2 minute read
Where we go, others follow
The best way to predict the future is to create it! So, let’s do that, John Roche writes.
New Zealand farmers have earned the right to be recognised as true world leaders in agricultural innovation. It’s a reputation built by generations of forward-thinkers – where we go, others follow.
I live in the Waikato, a powerhouse of agricultural innovation. Less than 10km from where I sit, Bill Gallagher and Dr Doug Phillips revolutionised rotational grazing with their development of the electric fence; Ron Sharpe revolutionised milking productivity when he created the first herringbone milking shed; Dr Pat Shannon revolutionised our breeding industry with his world-leading work in artificial insemination; and Dr Arnold Bryant and Kevin Macdonald put it all together to create the most efficient dairy production system in the world.
These are but a few of the many innovators that have made NZ farming the unbeaten world leader in producing nutritious, healthy foods.
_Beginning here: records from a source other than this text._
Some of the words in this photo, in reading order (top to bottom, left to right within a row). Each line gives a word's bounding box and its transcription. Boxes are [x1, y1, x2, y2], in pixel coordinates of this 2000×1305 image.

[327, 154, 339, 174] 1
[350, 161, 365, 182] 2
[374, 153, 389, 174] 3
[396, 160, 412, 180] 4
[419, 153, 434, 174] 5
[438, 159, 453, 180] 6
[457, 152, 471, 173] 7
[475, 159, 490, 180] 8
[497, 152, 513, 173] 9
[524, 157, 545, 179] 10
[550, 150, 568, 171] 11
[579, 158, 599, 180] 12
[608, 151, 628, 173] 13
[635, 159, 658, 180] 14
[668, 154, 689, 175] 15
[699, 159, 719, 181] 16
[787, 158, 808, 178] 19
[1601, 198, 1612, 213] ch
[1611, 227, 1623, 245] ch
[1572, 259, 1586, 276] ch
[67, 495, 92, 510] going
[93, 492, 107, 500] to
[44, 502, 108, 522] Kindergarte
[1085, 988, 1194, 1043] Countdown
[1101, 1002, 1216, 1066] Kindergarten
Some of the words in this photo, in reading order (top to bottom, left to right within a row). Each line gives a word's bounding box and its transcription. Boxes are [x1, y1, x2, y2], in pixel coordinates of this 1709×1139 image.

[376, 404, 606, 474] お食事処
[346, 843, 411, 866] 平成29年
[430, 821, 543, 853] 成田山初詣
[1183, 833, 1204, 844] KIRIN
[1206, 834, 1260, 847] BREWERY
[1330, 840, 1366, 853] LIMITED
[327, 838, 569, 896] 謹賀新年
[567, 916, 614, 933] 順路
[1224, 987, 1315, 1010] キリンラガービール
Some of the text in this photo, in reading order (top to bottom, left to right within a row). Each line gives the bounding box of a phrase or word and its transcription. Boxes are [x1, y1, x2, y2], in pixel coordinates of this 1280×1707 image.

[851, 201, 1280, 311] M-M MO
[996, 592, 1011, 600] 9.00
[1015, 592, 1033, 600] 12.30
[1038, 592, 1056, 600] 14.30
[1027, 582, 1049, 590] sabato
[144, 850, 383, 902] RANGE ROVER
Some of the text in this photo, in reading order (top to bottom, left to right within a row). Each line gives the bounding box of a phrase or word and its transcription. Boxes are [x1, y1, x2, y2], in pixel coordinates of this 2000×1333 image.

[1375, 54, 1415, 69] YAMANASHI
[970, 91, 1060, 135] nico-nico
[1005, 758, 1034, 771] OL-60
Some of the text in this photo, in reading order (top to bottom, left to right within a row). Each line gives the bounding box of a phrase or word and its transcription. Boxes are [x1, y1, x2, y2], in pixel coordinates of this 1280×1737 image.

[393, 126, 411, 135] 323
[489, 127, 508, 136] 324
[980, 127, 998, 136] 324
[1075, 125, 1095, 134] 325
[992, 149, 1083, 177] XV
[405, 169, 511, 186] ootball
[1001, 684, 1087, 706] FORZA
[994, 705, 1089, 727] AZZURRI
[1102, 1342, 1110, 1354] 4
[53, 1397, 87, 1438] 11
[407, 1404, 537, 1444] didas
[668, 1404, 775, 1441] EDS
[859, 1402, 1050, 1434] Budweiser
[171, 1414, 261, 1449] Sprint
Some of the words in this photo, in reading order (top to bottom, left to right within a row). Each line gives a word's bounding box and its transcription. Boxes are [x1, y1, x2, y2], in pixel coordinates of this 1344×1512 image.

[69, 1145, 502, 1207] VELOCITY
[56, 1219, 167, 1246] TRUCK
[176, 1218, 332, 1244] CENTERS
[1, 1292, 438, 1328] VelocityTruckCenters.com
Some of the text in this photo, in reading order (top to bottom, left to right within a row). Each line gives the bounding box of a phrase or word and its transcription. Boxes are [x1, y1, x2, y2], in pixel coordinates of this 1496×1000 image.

And now we need to do it again. We have to reduce our production of methane and nitrous oxide. I mentioned in a recent opinion article that beating methane is not easy – after all, we’re battling more than 50 million years of evolution. To my disappointment, some took this as a suggestion we couldn’t do it and we should just give up. Nothing could be further from the truth. In the historical scheme of things, agriculture is a relatively young profession – we’ve only been farming for 10,000-12,000 years. Yet our grains, fruits, vegetables, and animals are hugely different today to when our ancestors yarded the first pig or sheep or scratched the ground to plant seeds.
My father harvested wheat with a thresher, a magnificent innovation in its day, but a far cry from a combine harvester. What we take for granted today did not exist a short time ago.
So, although ruminant animals have evolved to produce methane, they do not need to or, at the very least, do not need to produce as much.
We’ve bred low- and high-methane-emitting sheep – proof that methane production can be lowered. Preliminary analyses show this can also be done for dairy, beef and deer – a 10% reduction in methane with very little cost.
We’ve trialled inhibitors: chemical or natural additives that reduce methane. And we are experimenting with other types of inhibitors and even the possibility of a vaccine. Work also continues to lower the production of nitrous oxide from the urine patch.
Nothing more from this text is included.